RU2166678C2 - Method of assembled bearing running-in and device for its embodiment - Google Patents

Abstract

FIELD: running-in of bearings. SUBSTANCE: skewing of outer race relative to inner race is created in process of bearing running-in so that transverse planes of their symmetry cross in center of bearing symmetry. As a result of forced rotation of outer and inner races out their axes, corunning-in with inherent set of solids of revolution is effected. Bearing running-in device has working shaft positioned in body on two supports. Supports consist of bearings to be run in installed in process bearings. The latter are mounted in body so that their axes of rotation cross in its plane of symmetry. Working shaft is arranged inside hollow shaft positioned in body on coaxial bearing supports. It is provided with V-shaped groove for arrangement of drive belt in it. Slotted ends of hollow shaft interact with slotted ends of inner races of process bearings. Nut is provided on threaded end of working shaft for fixing of bearings in operating position. EFFECT: enhanced durability of bearings, enhanced running-in efficiency. 2 cl, 2 dwg

Description

 The invention relates to mechanical engineering and can be used in the bearing industry for the manufacture of rolling bearings of increased durability and reliability.
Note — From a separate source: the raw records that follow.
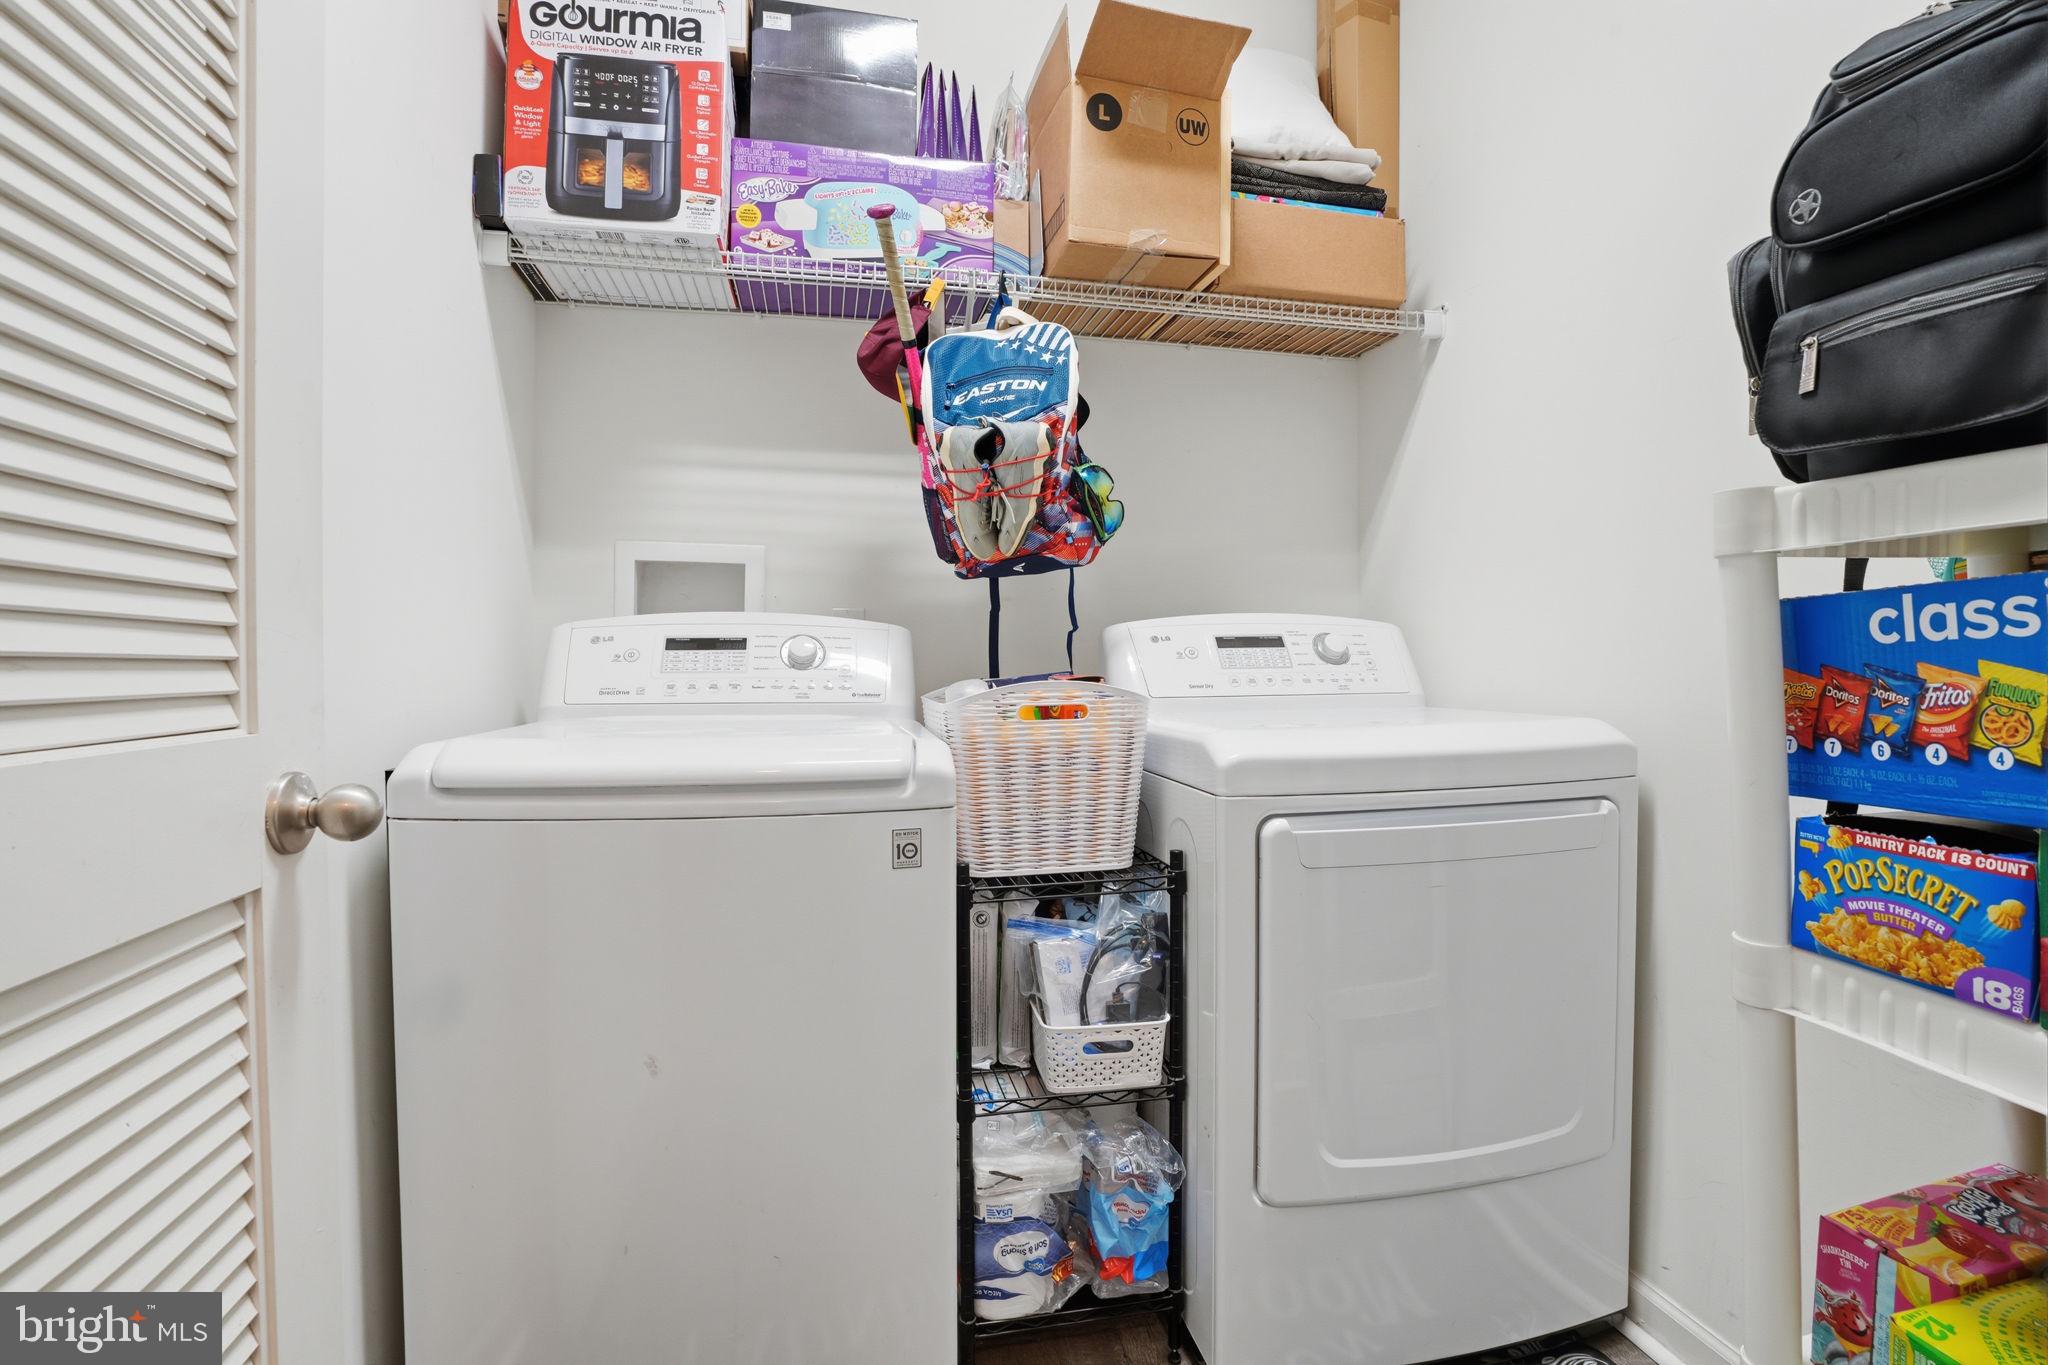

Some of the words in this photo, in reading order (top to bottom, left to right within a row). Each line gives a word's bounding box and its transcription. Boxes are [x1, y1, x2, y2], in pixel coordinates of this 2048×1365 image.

[529, 0, 703, 43] Gourmia
[530, 29, 575, 43] DIGITAL
[580, 34, 637, 49] WINDOW
[641, 41, 661, 52] AIR
[665, 43, 703, 57] FRYER
[514, 112, 543, 120] Window
[1099, 104, 1110, 121] L
[1179, 118, 1207, 137] UW
[952, 379, 1048, 406] EASTON
[980, 394, 1016, 406] MOXIE
[1826, 685, 1861, 706] Doritos
[1870, 686, 1910, 706] Doritos
[1787, 738, 1793, 751] 7
[1829, 741, 1836, 754] 7
[1877, 744, 1885, 757] 6
[1932, 748, 1940, 762] 4
[1996, 752, 2006, 767] 4
[1856, 834, 1904, 852] PANTRY
[1908, 843, 1946, 862] PACK
[1951, 852, 1972, 866] 18
[1975, 856, 2029, 877] COUNT
[1847, 900, 1886, 912] MOVIE
[1887, 903, 1947, 936] THEATER
[1873, 912, 1917, 932] BUTTER
[1972, 976, 2012, 1010] 18
[2012, 986, 2026, 1015] BAGS
[996, 1208, 1013, 1216] USA
[1001, 1246, 1027, 1257] Strong
[1028, 1246, 1034, 1255] &
[1034, 1239, 1048, 1252] Soft
[1914, 1315, 1957, 1341] 12
 Known devices [1] and methods [2, 3] the running-in of rolling bearings in assembled form, providing an increase in their performance. However, these methods and devices have low productivity as a result of the fact that only one bearing is subjected to processing during one installation, and have a low forming ability. In addition, their technological capabilities are limited, because they are intended only for rolling ball bearings and do not allow running in bearings of other types, for example roller ones.

 The prototype is a well-known method for processing raceways of bearing rings with balls [4], in which a rotating cone is introduced into a rotating outer ring with a set of balls, which creates operating pressure in the processing zone and ensures slippage at the contact areas, balls and raceways. This method allows the running-in of one of the rings, which provides only a slight increase in the performance of the bearing. In addition, the method is not applicable for the processing of raceways of roller bearings, which narrows the scope of its application.
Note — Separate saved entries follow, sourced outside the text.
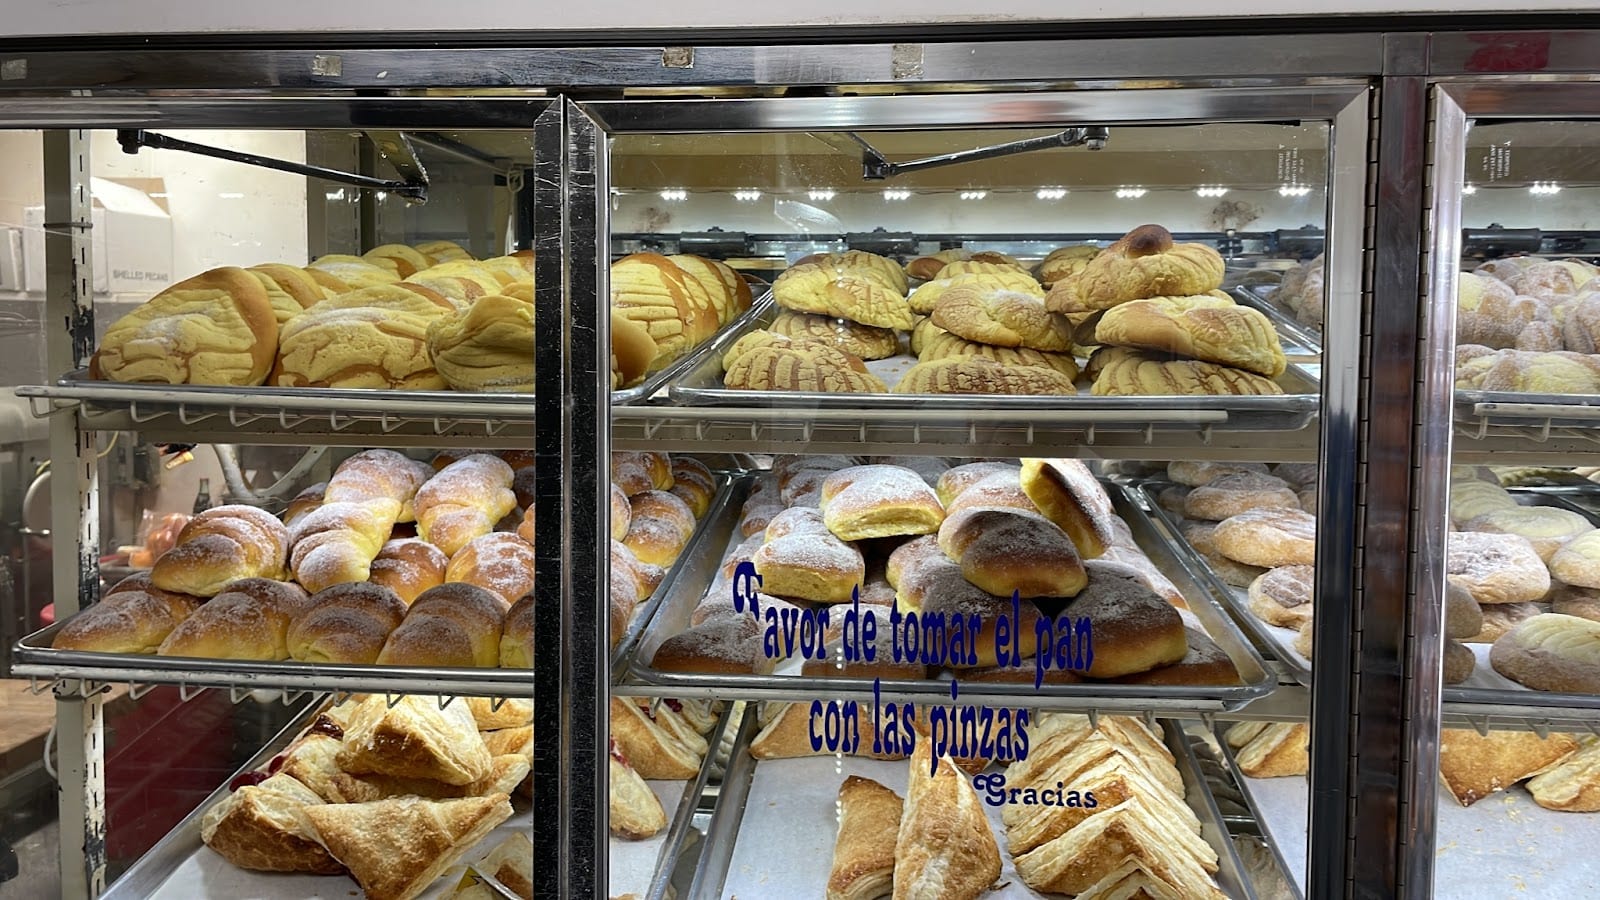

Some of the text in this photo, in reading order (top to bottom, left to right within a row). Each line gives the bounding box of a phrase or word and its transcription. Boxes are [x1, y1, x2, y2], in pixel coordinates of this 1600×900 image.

[843, 584, 878, 662] de
[890, 604, 982, 666] tomar
[995, 589, 1021, 668] el
[1035, 615, 1093, 690] pan
[809, 677, 1029, 778] con las pinzas
[973, 773, 1098, 808] Gracias
 The closest in technical essence and the achieved effect of the claimed solution is a device for rolling ball bearings [5], containing a vertical shaft located in the housing on two bearings, one of which is technological, consisting of two bearings installed in each other, between which there is an eccentric sleeve, the other is a working one, which serves to install a rolling bearing and containing a device for axial loading of a rolling bearing.

 At low speeds of rotation of the shaft, this device provides rolling-in of raceways of ball bearing rings, but at the same time the running-in efficiency is significantly reduced and the time required to obtain a positive effect is increased. At increased speeds of rotation of the shaft, providing an increase in the performance of the rolling, the rolling bearing will be exposed to vibrations, which will lead to a negative effect.
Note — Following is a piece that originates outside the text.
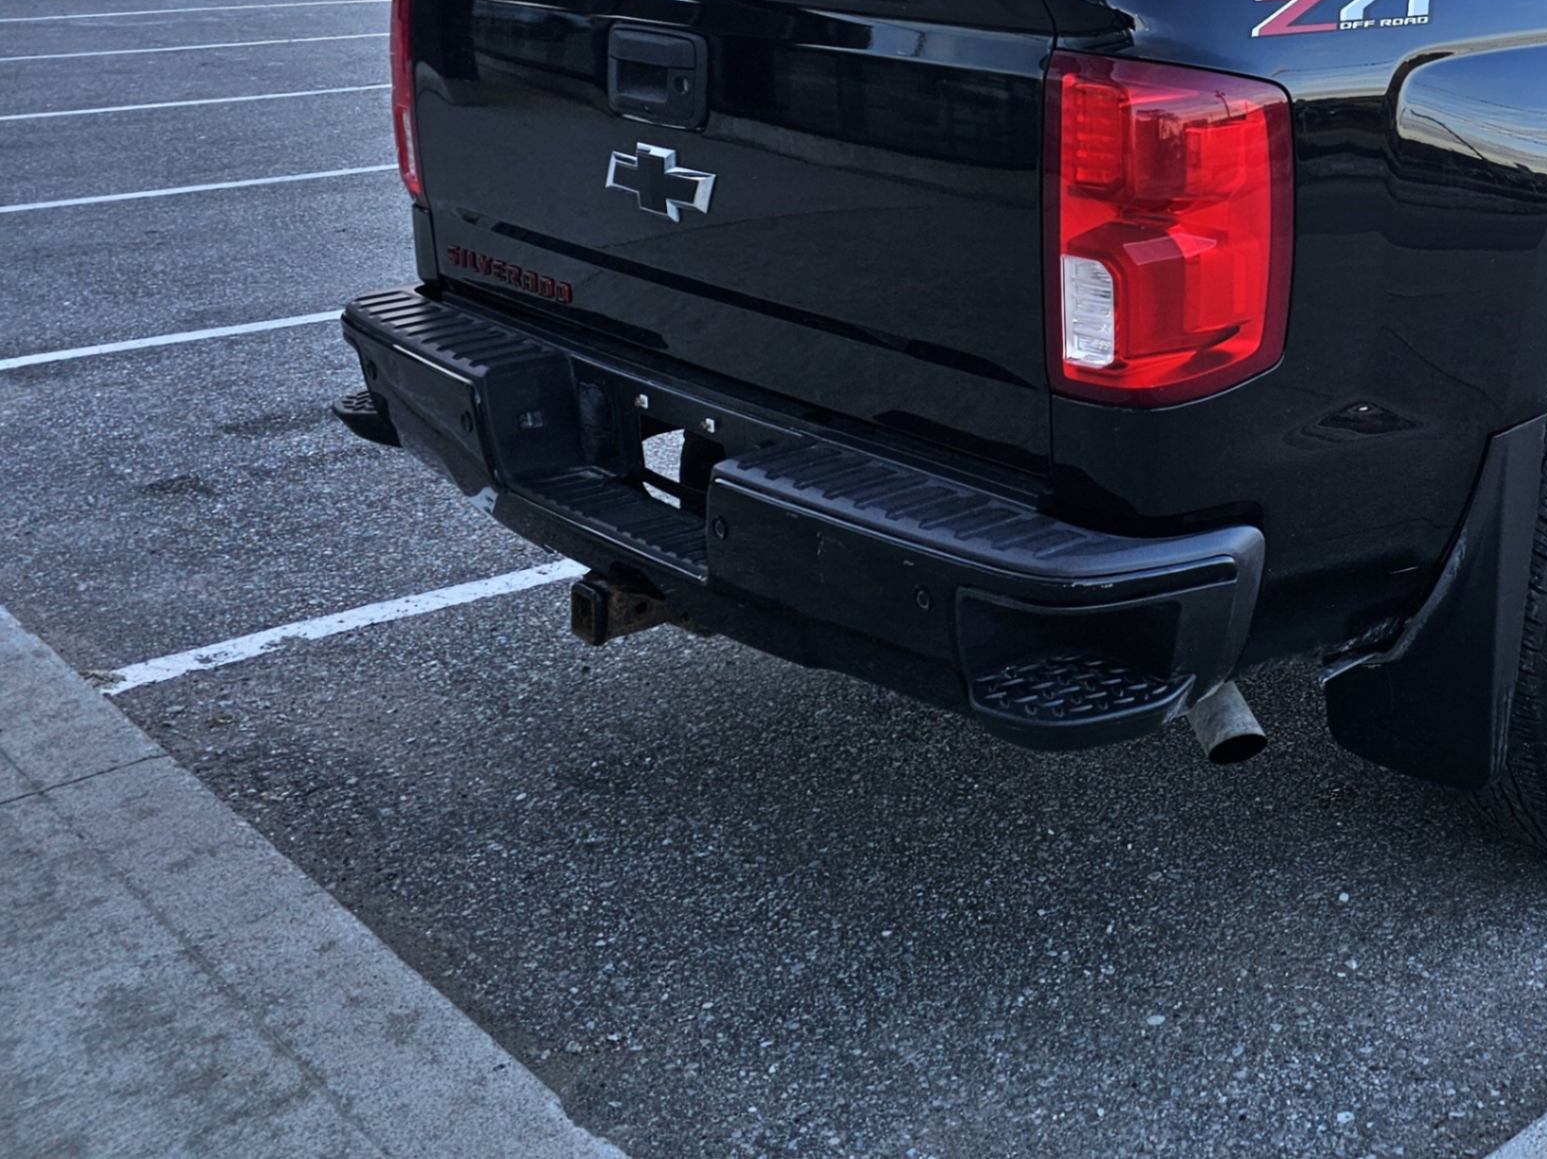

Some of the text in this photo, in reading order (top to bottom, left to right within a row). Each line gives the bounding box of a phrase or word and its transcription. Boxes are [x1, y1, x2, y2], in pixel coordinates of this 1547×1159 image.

The disadvantages of this decision include the following:
1. The use of a technological bearing support for processing leads to a decrease in the geometric accuracy of the machined bearing, because the possibility of transferring geometric and other errors of bearings of the technological support to the working surfaces of the machined bearing is not excluded, which reduces the quality of running-in.

 2. An arbitrarily chosen value of the eccentricity of the technological support may not be sufficient for processing sections of the raceway in contact with the balls during operation of the bearing under conditions of maximum misalignment of its rings. These sections of the raceway will remain unprocessed, which will lead to a decrease in bearing life.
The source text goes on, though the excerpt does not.